## EXERCISE BRIEF
Every line below from the one containing "this 960×1280 image." to the final line must be reproduced exactly, and no other line may appear in the answer.

## DATA FOR THE TASK
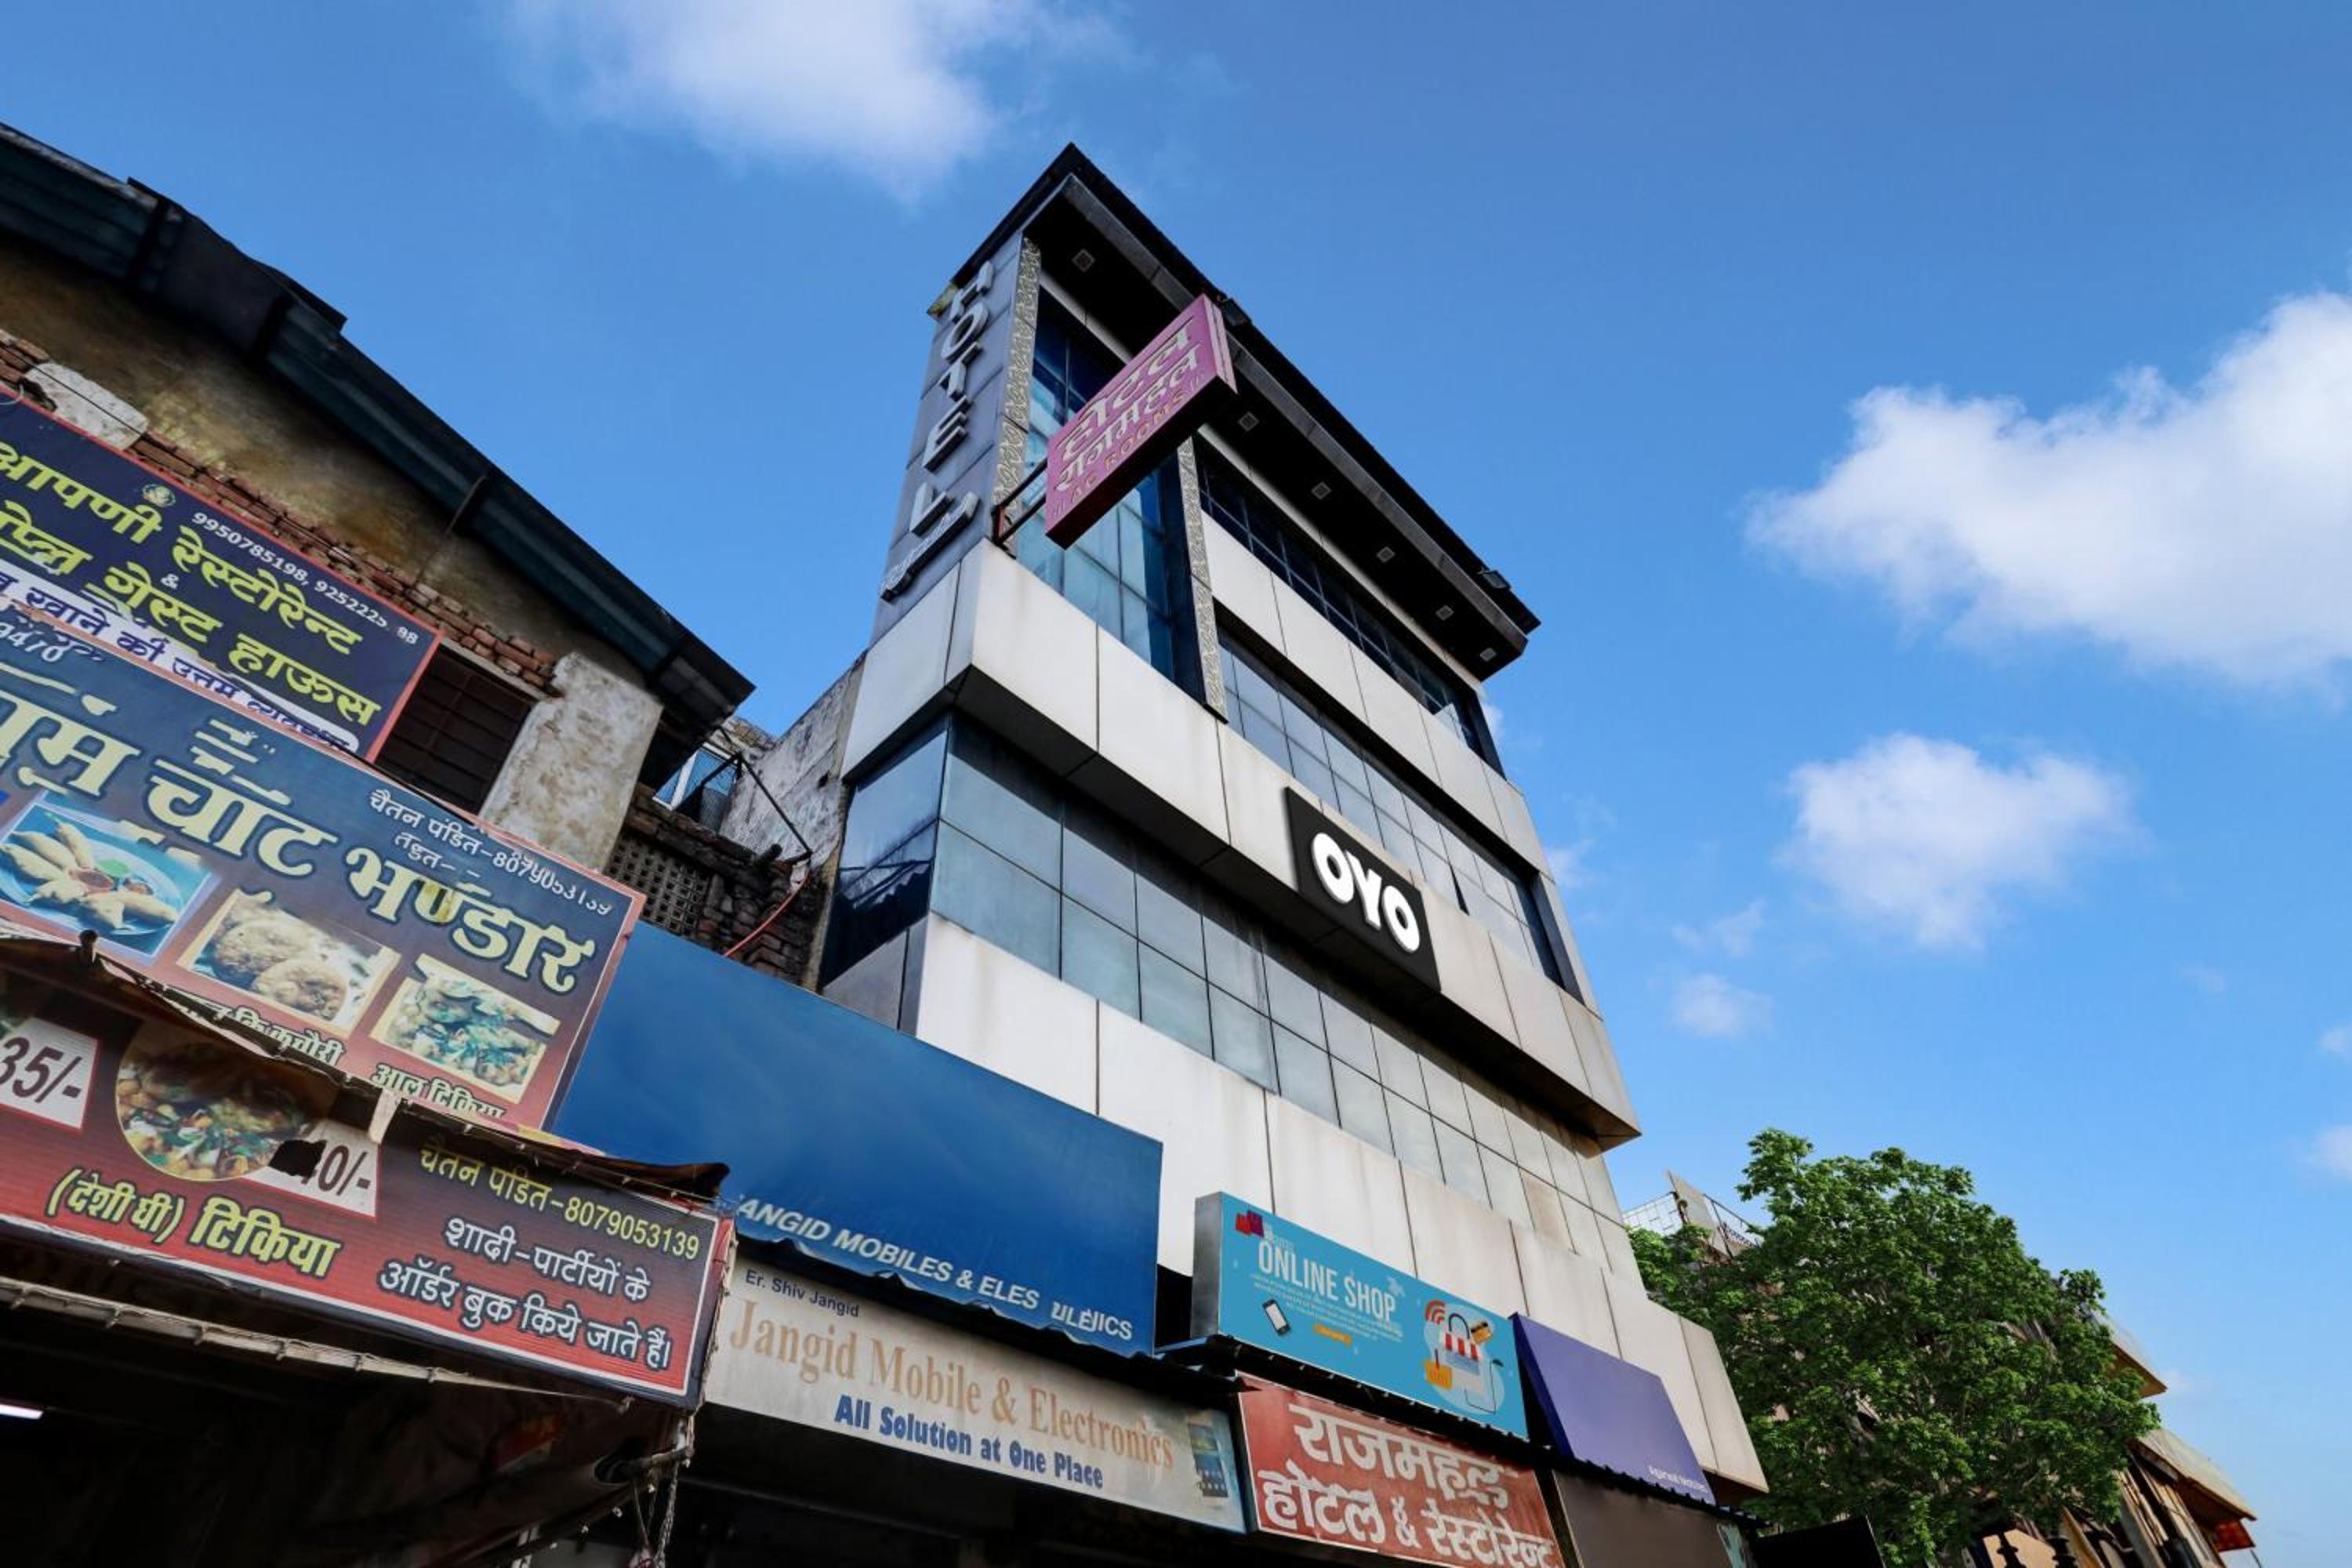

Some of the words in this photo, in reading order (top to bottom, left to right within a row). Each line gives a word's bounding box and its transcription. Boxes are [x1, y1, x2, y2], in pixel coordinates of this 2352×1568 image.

[908, 260, 994, 539] HOTEL
[1054, 315, 1193, 462] होटल
[160, 573, 180, 590] &
[346, 847, 595, 993] भण्डार
[300, 1145, 372, 1196] 0/-
[190, 1196, 342, 1277] टिकिया
[738, 1197, 831, 1241] ANGID
[832, 1228, 953, 1283] MOBILES
[956, 1269, 974, 1290] &
[462, 1285, 517, 1329] बुक
[521, 1294, 582, 1343] किये
[587, 1319, 642, 1359] जाते
[624, 1267, 652, 1301] के
[746, 1269, 766, 1288] Er.
[771, 1279, 806, 1300] Shiv
[809, 1291, 861, 1318] Jangid
[1258, 1240, 1339, 1301] ONLINE
[1343, 1275, 1397, 1323] SHOP
[728, 1298, 858, 1385] Jangid
[869, 1338, 982, 1414] Mobile
[992, 1377, 1017, 1425] &
[1029, 1385, 1175, 1469] Electronics
[835, 1394, 871, 1430] All
[880, 1408, 972, 1456] Solution
[981, 1436, 1001, 1463] at
[1009, 1439, 1047, 1474] One
[1054, 1451, 1104, 1489] Place
[1258, 1458, 1386, 1544] होटल
[1390, 1494, 1422, 1550] &
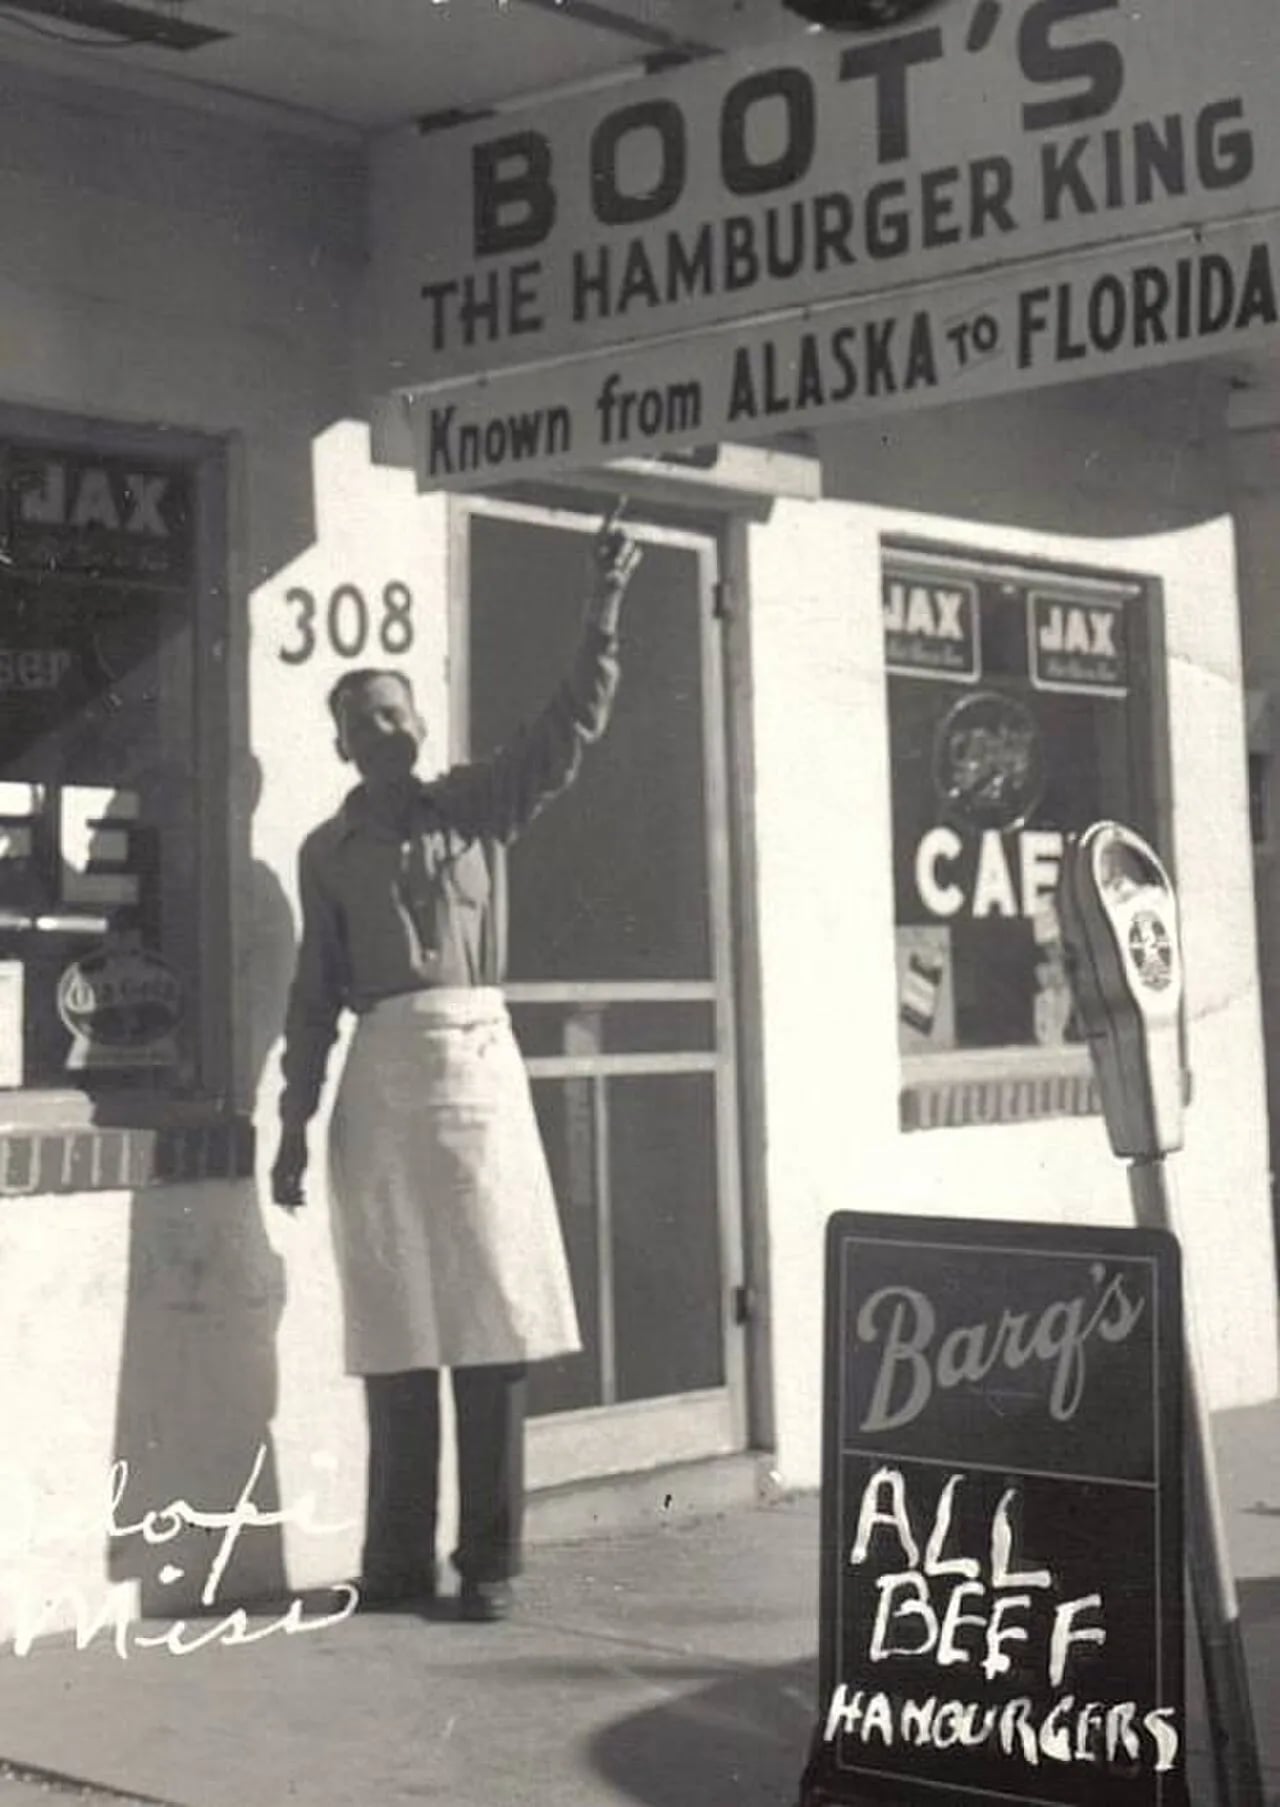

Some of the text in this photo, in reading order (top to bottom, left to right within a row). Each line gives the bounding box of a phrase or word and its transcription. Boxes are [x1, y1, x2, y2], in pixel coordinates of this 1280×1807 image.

[472, 0, 1126, 256] BOOT'S
[421, 96, 1254, 351] THE HAMBURGER KING
[427, 244, 1279, 476] Known from ALASKA TO FLORIDA
[20, 462, 170, 537] JAX
[279, 580, 414, 664] 308
[883, 585, 964, 641] JAX
[1040, 604, 1117, 659] JAX
[914, 826, 1076, 918] CAF
[856, 1263, 1146, 1432] Barq's
[851, 1465, 1052, 1588] ALL
[869, 1570, 1106, 1688] BEEF
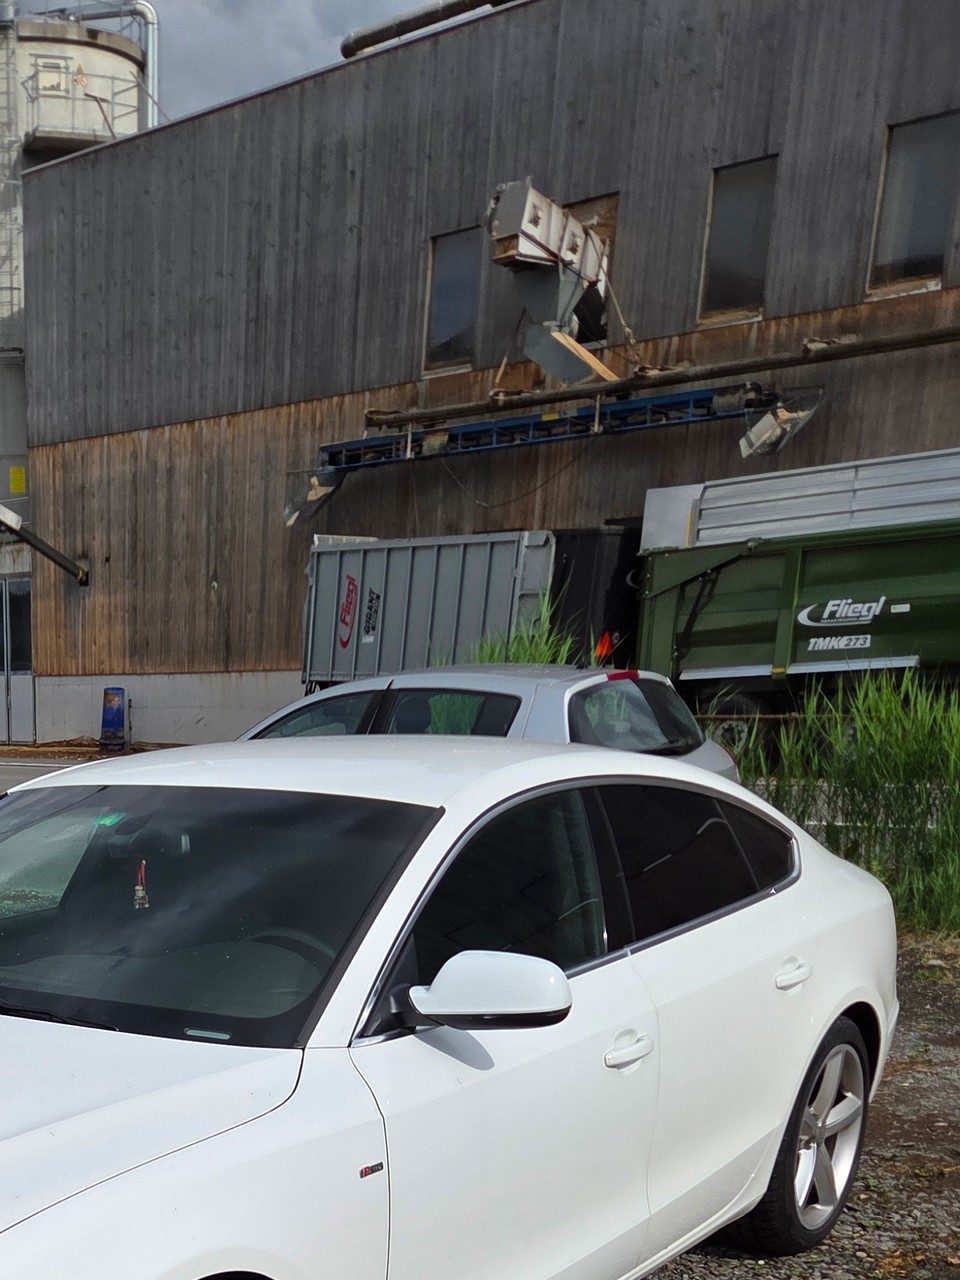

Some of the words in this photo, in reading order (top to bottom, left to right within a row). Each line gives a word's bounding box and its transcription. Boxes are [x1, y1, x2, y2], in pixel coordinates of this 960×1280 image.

[340, 574, 357, 627] Fliegl
[822, 596, 887, 621] Fliegl
[807, 636, 842, 651] TMK
[844, 635, 870, 649] 273

## TASK SOLUTION
Some of the words in this photo, in reading order (top to bottom, left to right within a row). Each line gives a word's bounding box and its transcription. Boxes are [x1, y1, x2, y2], in pixel coordinates of this 960×1280 image.

[340, 574, 357, 627] Fliegl
[822, 596, 887, 621] Fliegl
[807, 636, 842, 651] TMK
[844, 635, 870, 649] 273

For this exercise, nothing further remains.